The input Start Marker

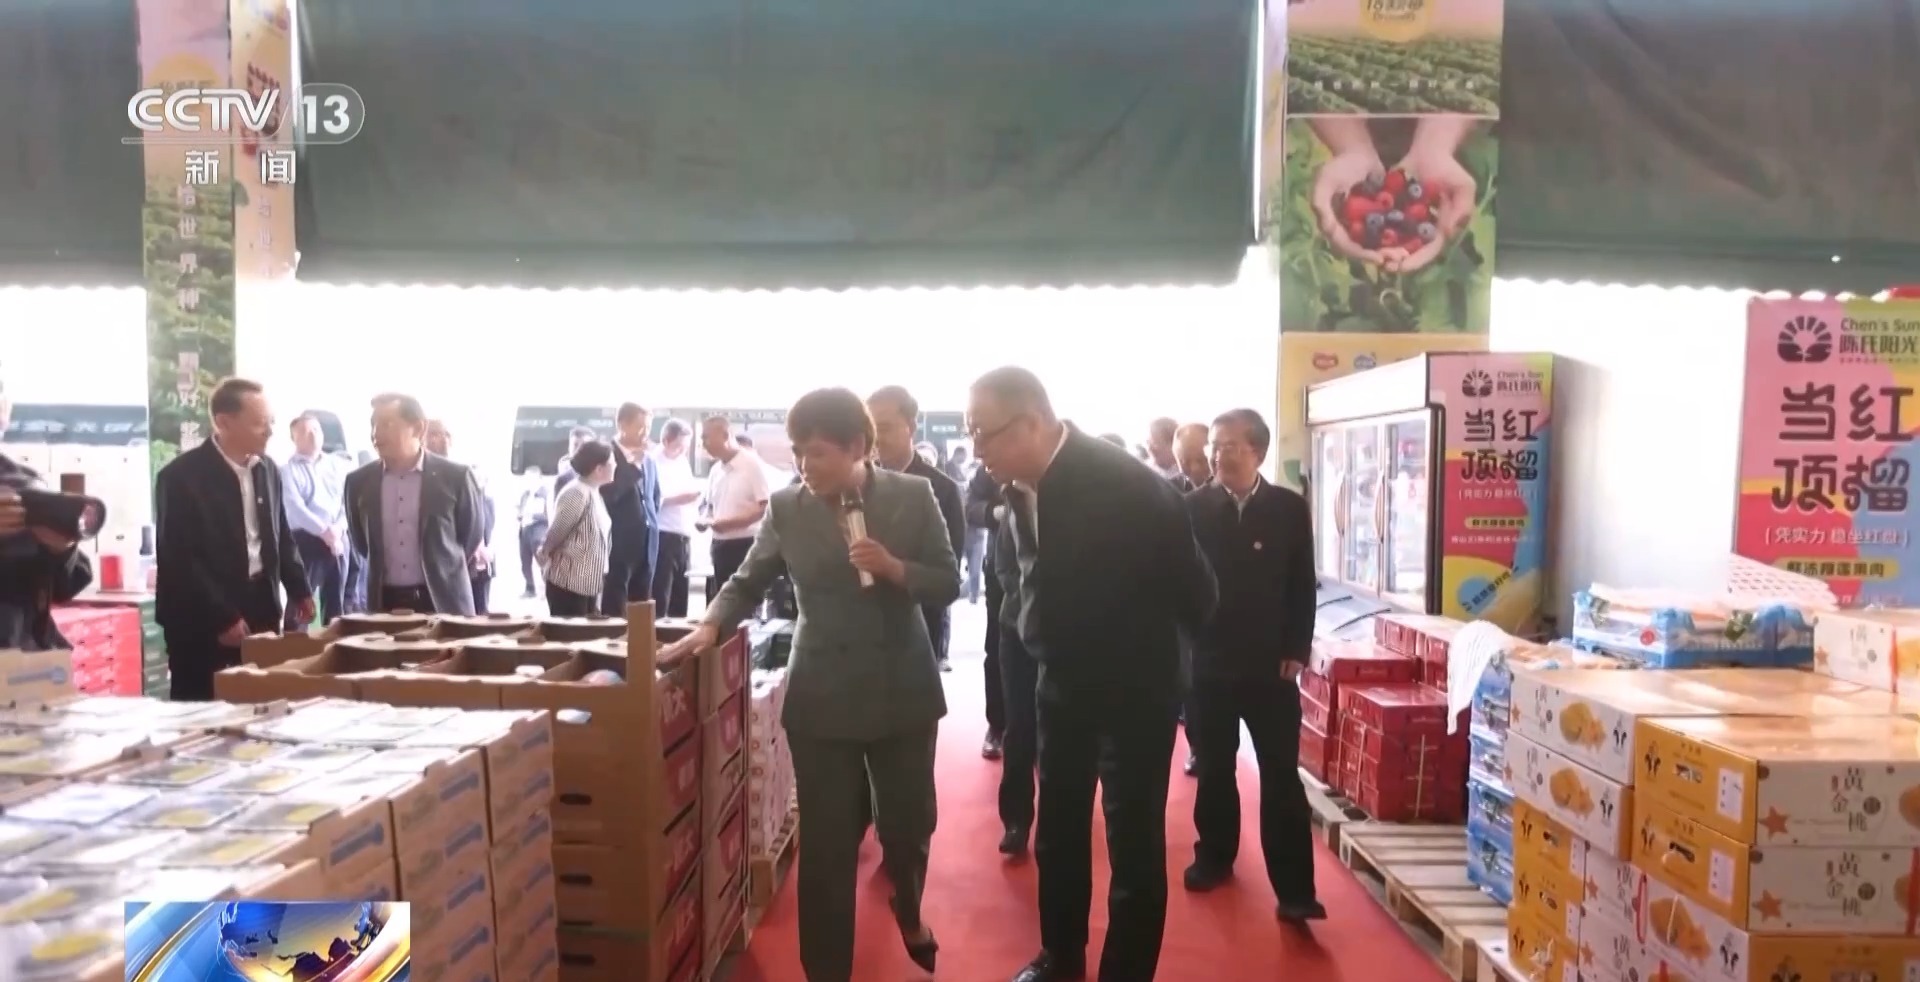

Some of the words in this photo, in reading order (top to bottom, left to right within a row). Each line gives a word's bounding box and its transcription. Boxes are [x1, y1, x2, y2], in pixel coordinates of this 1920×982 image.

[1840, 317, 1889, 331] Chen's
[1839, 335, 1919, 354] 陈氏阳光
[1463, 408, 1539, 442] 当红
[1780, 382, 1914, 442] 当红
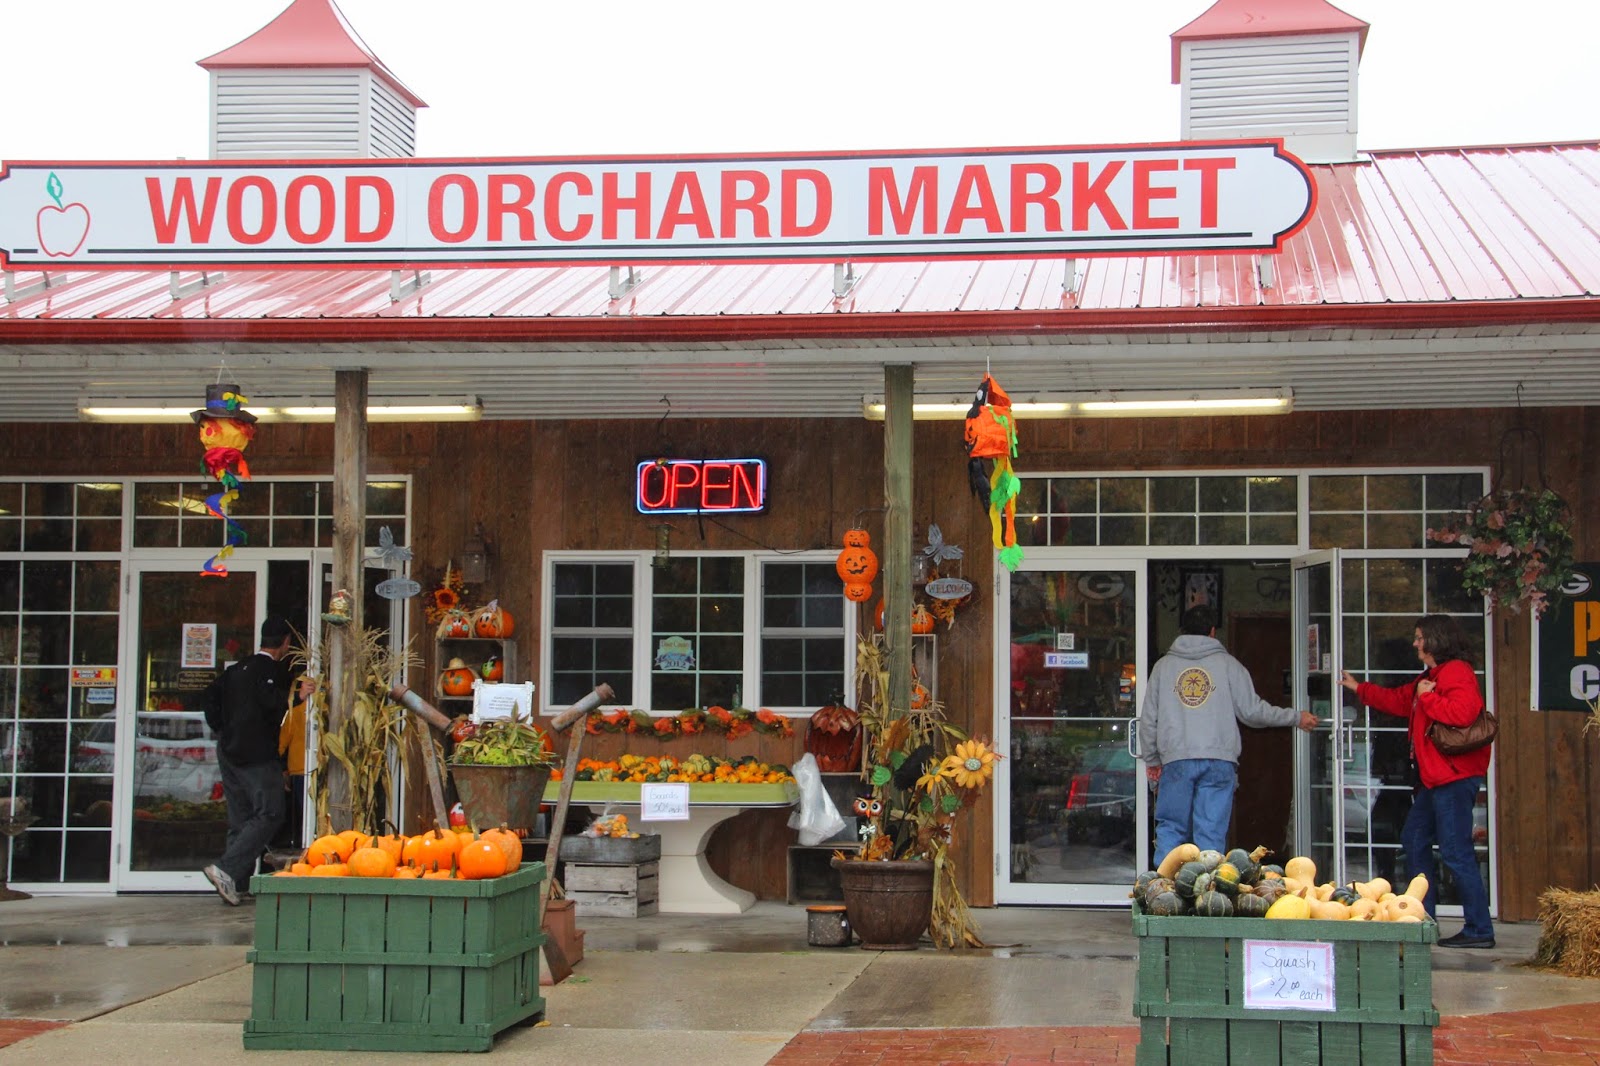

The input End Marker

* **Instructions to follow**
From top to bottom, restate the records above exactly and omit every picture.

* **Task response**
Some of the words in this photo, in reading order (top to bottom, left to right within a row). Each line gives a word's bounding box and its transcription. Boxes are [x1, y1, x2, y2], in pixel coordinates of this 1920×982 image.

[1840, 317, 1889, 331] Chen's
[1839, 335, 1919, 354] 陈氏阳光
[1463, 408, 1539, 442] 当红
[1780, 382, 1914, 442] 当红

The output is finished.